一点经验教训:(我的教训不是细胞培养,而是一些固有的思维模式)
新实验室装修,实验仪器要搬家,安装仪器的时候,连接恒温培养箱上的电子继电器,上面有三个接线柱,而只有两条导线,不知道怎么接。实验室一位曾经用过此培养箱的教授帮忙连接的,他说,就是这么接,肯定没问题!我的固有思维告诉我,他是前辈,很有经验,一定没错!然后就满怀信心地培养我的淋巴细胞,结果.............,第二天,刚到实验室,发现培养箱的温度达到了80多度!!!,我的细胞也已经“发高烧”死了,失败!干脆,自己动手,丰衣足食。
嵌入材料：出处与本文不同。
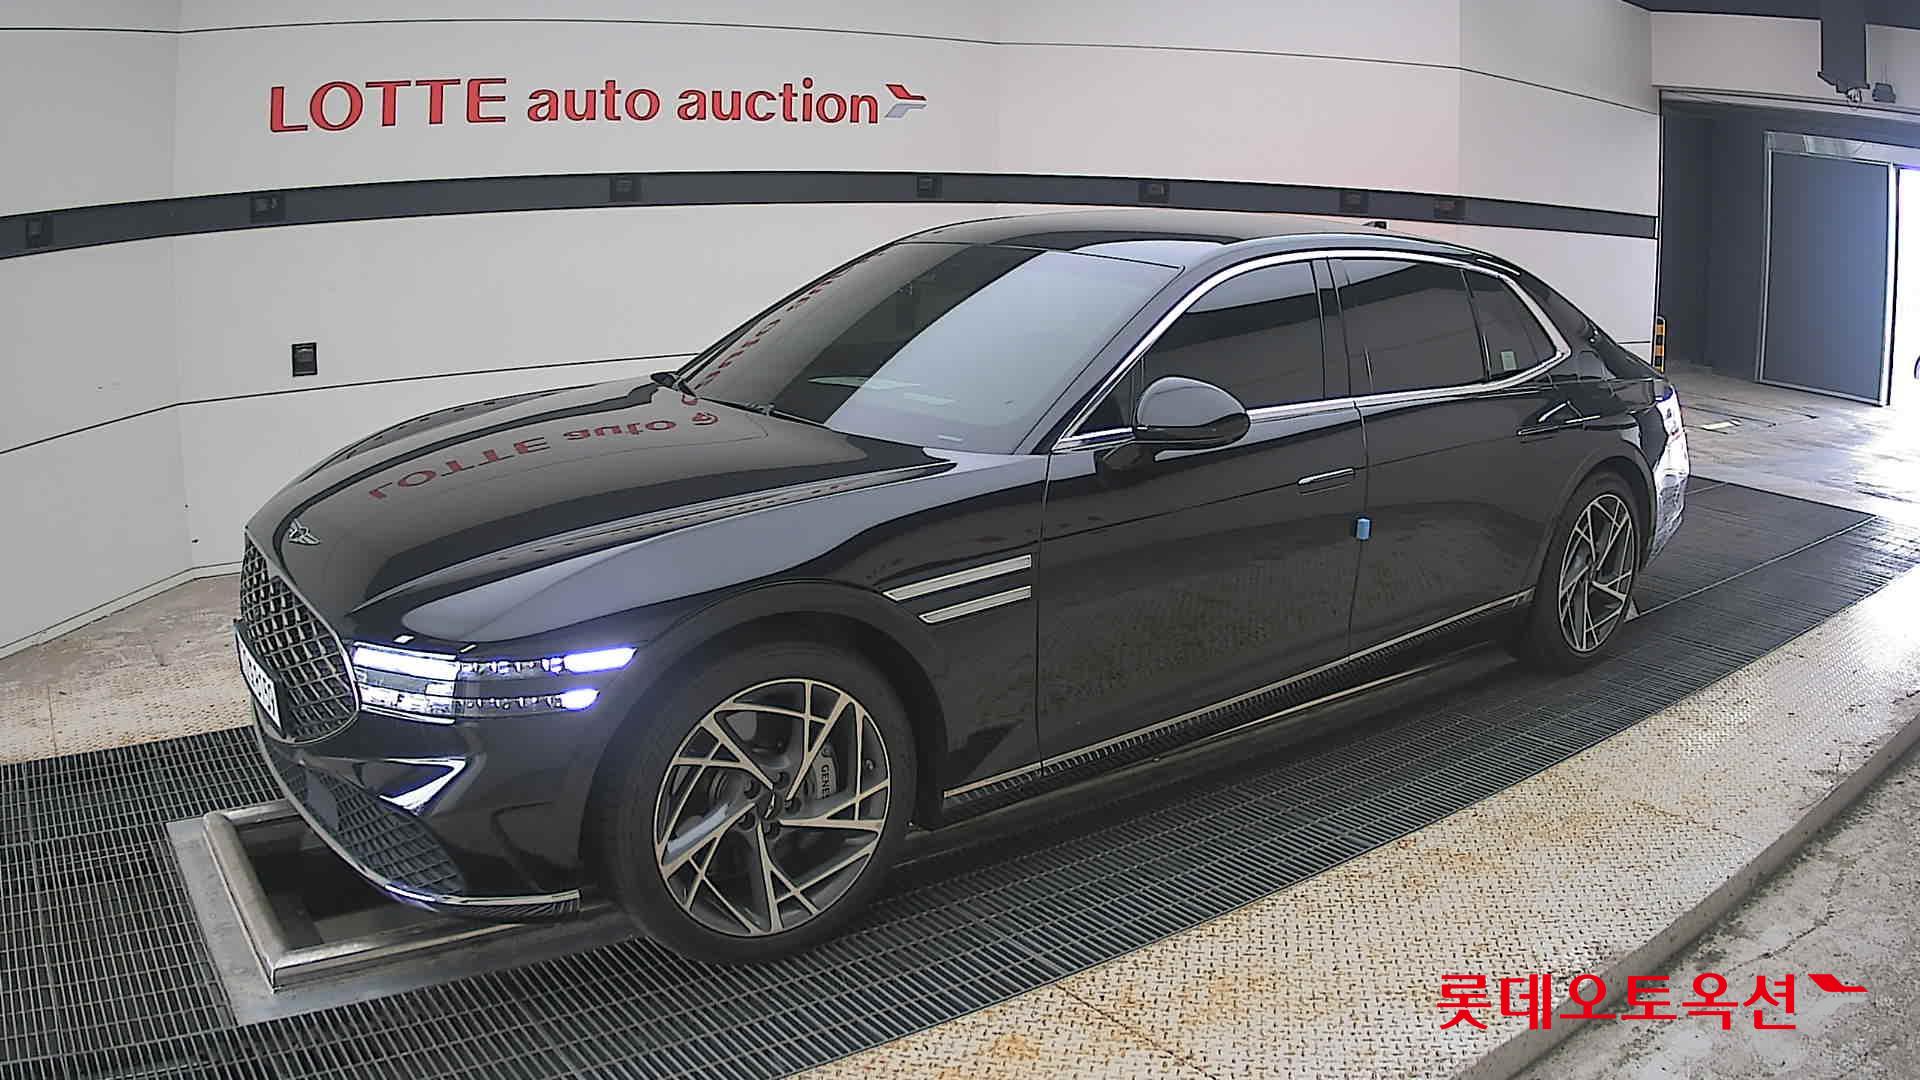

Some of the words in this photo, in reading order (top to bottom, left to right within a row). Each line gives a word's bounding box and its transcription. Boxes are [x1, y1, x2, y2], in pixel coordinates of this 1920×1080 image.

[269, 77, 507, 132] LOTTE
[526, 79, 661, 122] auto
[676, 77, 879, 124] auction
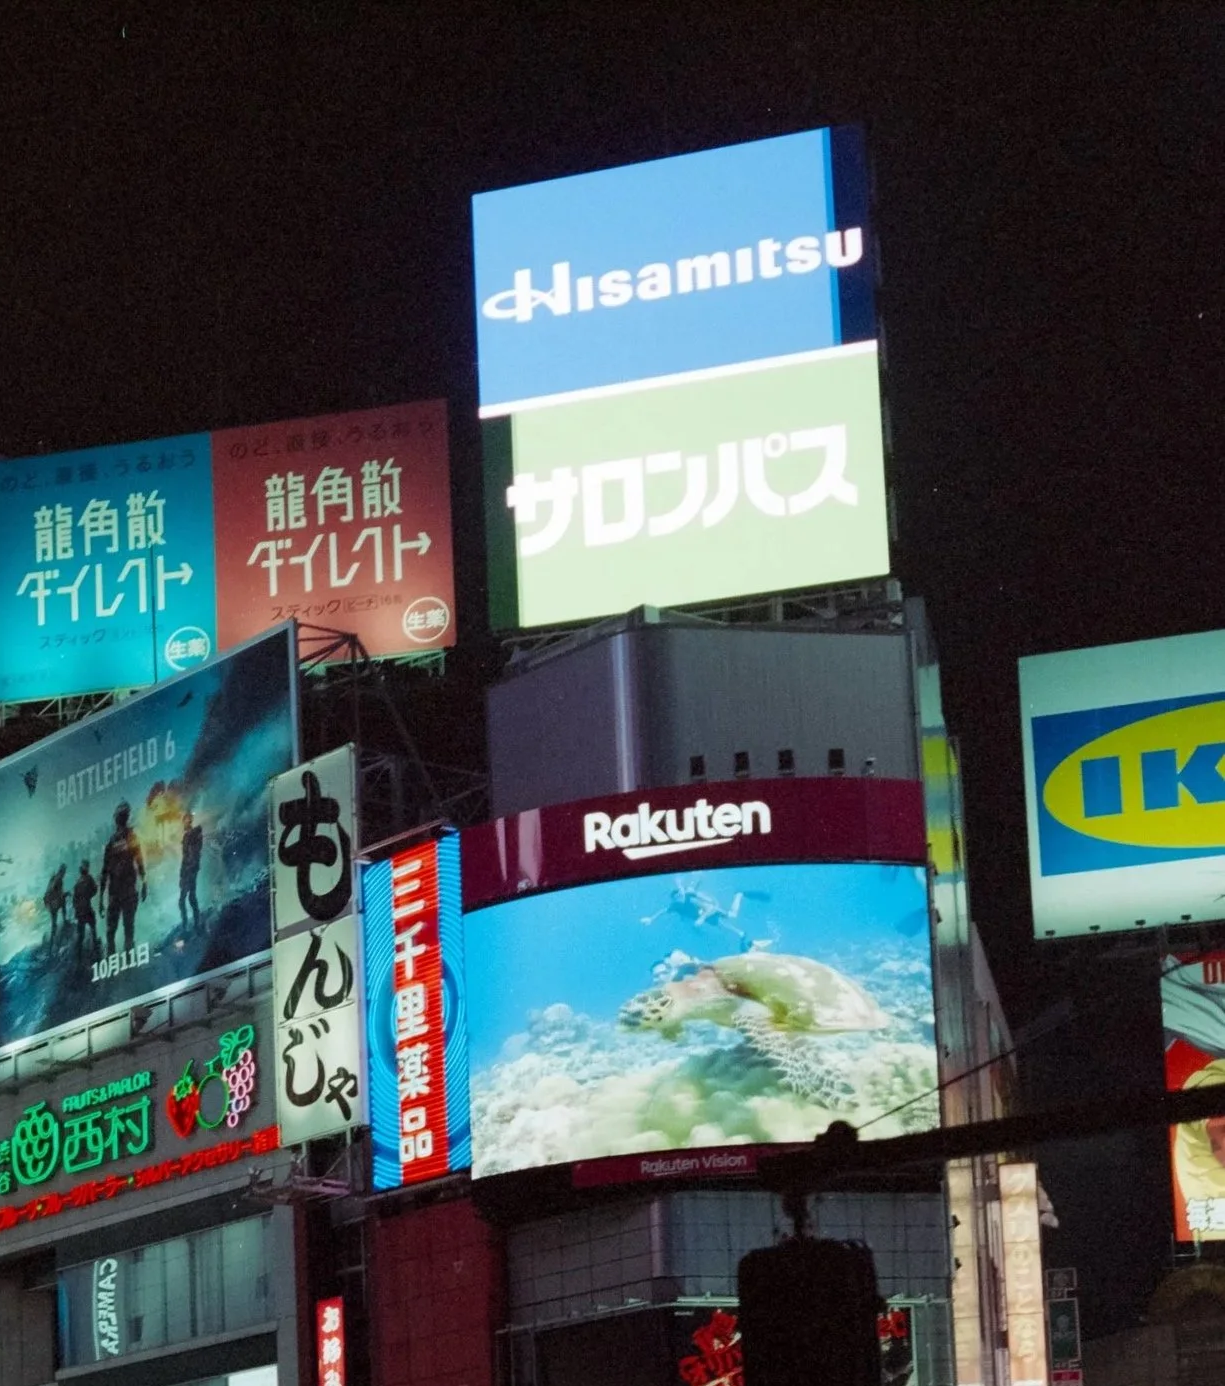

按照排列组合,两个线头,三个接线柱,共有6种接法,排除上面的错误接法,还有5种,首先把原来的高温降下来,然后逐个按每种接法尝试,接上后至少等2个小时观察温箱内是否恒温,最后,用 了一天的时间,总算把它接好了!(不要说我笨,接线柱上根本没有文字提示怎么接,曾经请教了电工,也不会接,说明书也没有了)
教训:凡事要多个心眼儿,不要想当然,要学会怀疑,我当时就是认为他是很有经验的教授,想当然地以为他接的肯定没错,根本没有去怀疑,结果造成了实验的失败。我觉得有时候思维定势在实验过程中会成为绊脚石,比自己资格老、经验多的老师的实验设计不一定很合理,我们要大胆地提出疑问,提出自己的想法,年轻的思维往往出现闪光的火花哦!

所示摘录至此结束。